• _What is required_
Although pictures appear in the records, the copy must leave them out and match everything else exactly.

• _Source information_
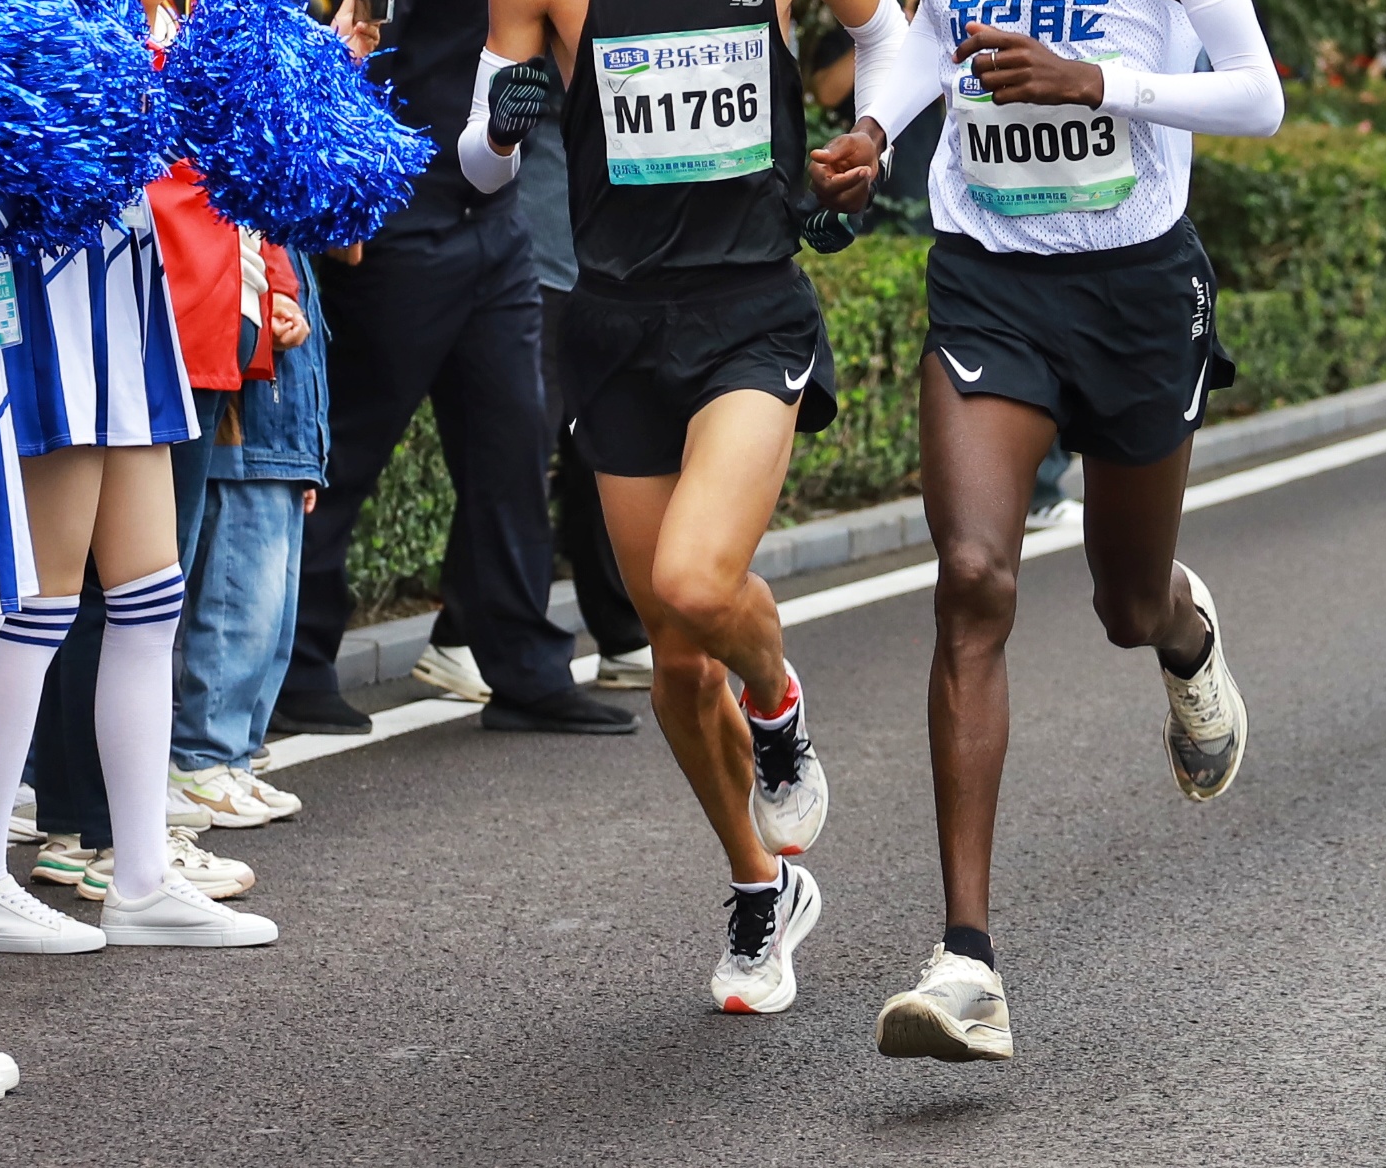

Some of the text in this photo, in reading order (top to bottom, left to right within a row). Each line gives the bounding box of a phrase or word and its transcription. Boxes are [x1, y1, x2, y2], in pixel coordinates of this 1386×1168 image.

[608, 50, 645, 64] 君乐宝
[653, 39, 764, 70] 君乐宝集团
[613, 83, 758, 134] M1766
[967, 115, 1116, 164] M0003

• _Result of the task_
Some of the text in this photo, in reading order (top to bottom, left to right within a row). Each line gives the bounding box of a phrase or word and its transcription. Boxes are [x1, y1, x2, y2], in pixel coordinates of this 1386×1168 image.

[608, 50, 645, 64] 君乐宝
[653, 39, 764, 70] 君乐宝集团
[613, 83, 758, 134] M1766
[967, 115, 1116, 164] M0003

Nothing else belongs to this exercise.